What is the Bystander Effect?

This is a theory in Social Psychology that suggests bystanders are less likely to help a victim if there are other people around.

Have you ever been in a situation where you saw something happen, and you thought:
Maybe I should help?
But because there were other people around you thought:
Oh, I bet any of these people are more capable than I am.
What if I do something stupid?
What if I just make it worse?
This is the bystander effect, and pretty much all of us have done it. However, since most of us do it, the result is often that the victim doesn't get any help from any bystander at the time. Don't be guilty of the bystander effect, and be an active bystander instead.

What is Bystander Intervention?

  • Put simply, bystander intervention means you get in the way. When bystanders act, it can change the outcome of an event, or prevent it from escalating.
  • Bystander intervention involves developing the awareness, skills, and courage needed to intervene in a situation when another individual needs help.

How to be an Active, Helpful Bystander

It's not always easy to step up and say or do something when you see violence happening, especially if there are other bystanders present who aren't intervening. Taking action may or may not change the outcome of the violence, but it can change the way other people start reacting to violent situations.
Step in and offer assistance
  • Ask if the person needs help, as early as possible.
  • NOTE: Before stepping in, make sure to evaluate the risk.
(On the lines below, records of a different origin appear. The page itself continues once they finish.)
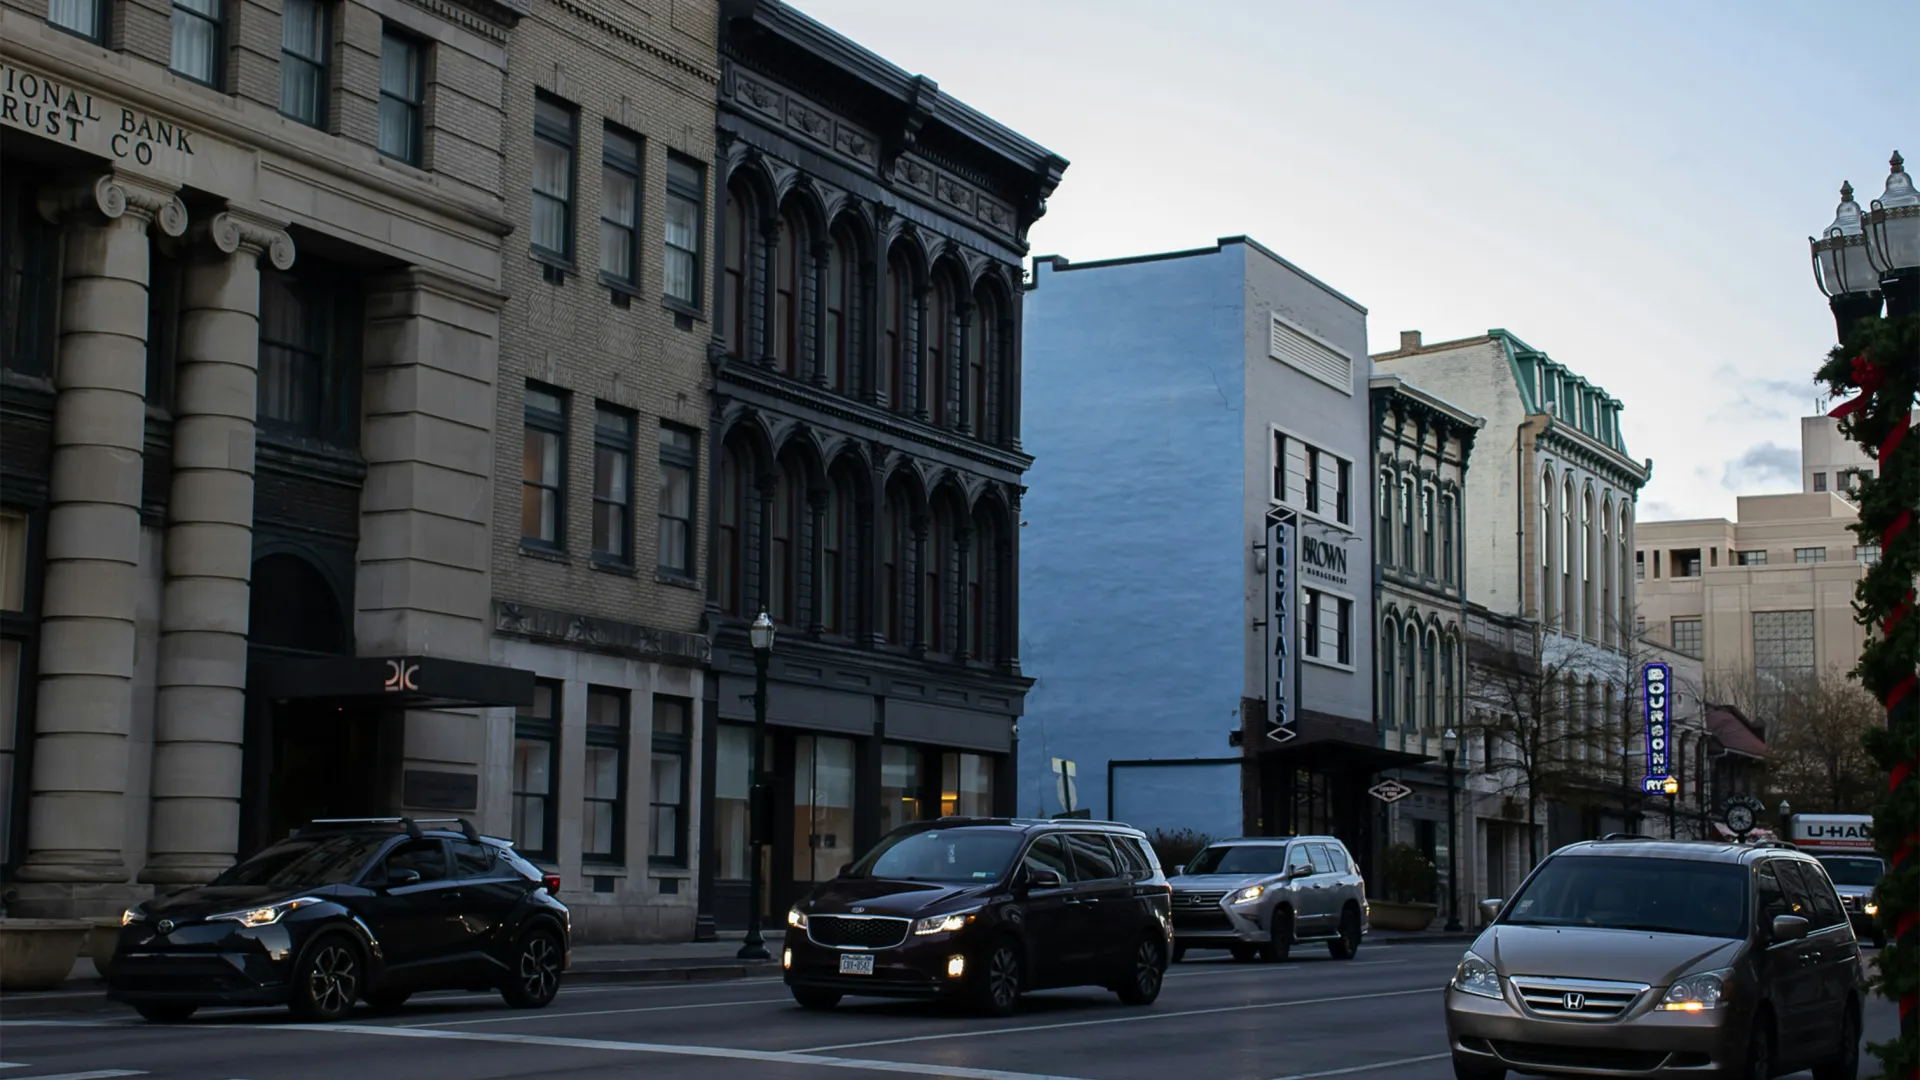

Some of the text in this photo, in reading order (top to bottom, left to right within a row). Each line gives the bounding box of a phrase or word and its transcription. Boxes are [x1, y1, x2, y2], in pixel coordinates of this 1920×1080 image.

[0, 65, 194, 155] IONAL BANK
[111, 134, 153, 165] CO
[1303, 535, 1347, 575] BROWN
[1307, 567, 1347, 585] MANAGEMENT
[1275, 523, 1288, 724] COCKTAILS
[1647, 668, 1665, 764] BOURBON
[1646, 780, 1666, 790] RY
[1807, 825, 1871, 838] U-HAU
If it means putting yourself in danger, or making the situation worse, call 911 instead.
Don't leave

If you remain at the scene and are a witness, the perpetrator is less likely to do anything.
Discourage Their Actions

If you know the perpetrator, tell the person you do not approve of their actions. Ask the person to leave the potential victim alone.
Practice taking C.A.R.E
  • Create a Distraction
  • Ask Directly
  • Refer to Authorities
  • Enlist Others

Ways to Keep Yourself, and Others Safe


Be around Friends

When you go to a party, go with a group of friends

Buddy System

Arrive together, check in with each other frequently, leave together


Don't be afraid to let a friend know if you are worried about their safety

Get Involved
Together We can Create Change by Taking Action

What would you do as a bystander in the following scenarios? As a bystander, you can be an ally for others and provide support.
You think your friend is in an abusive or unhealthy relationship.
You are sitting with your friends outside and a group of individuals nearby start making sexual gestures and comments to one of the friends sitting with you.
A teammate tells you their partner is hurting them, harassing them and/or forcing them into sexual situations.
You notice one of your friends making lewd, rude, or degrading comments about a classmate.
Your friend thinks they were raped and doesn't know what to do.
It's important to be aware of options and resources when supporting yourself and others during instances of abuse, assault or potential abuse. As a bystander, you have the power to take action when needed to change outcomes and help create a culture of folks who act!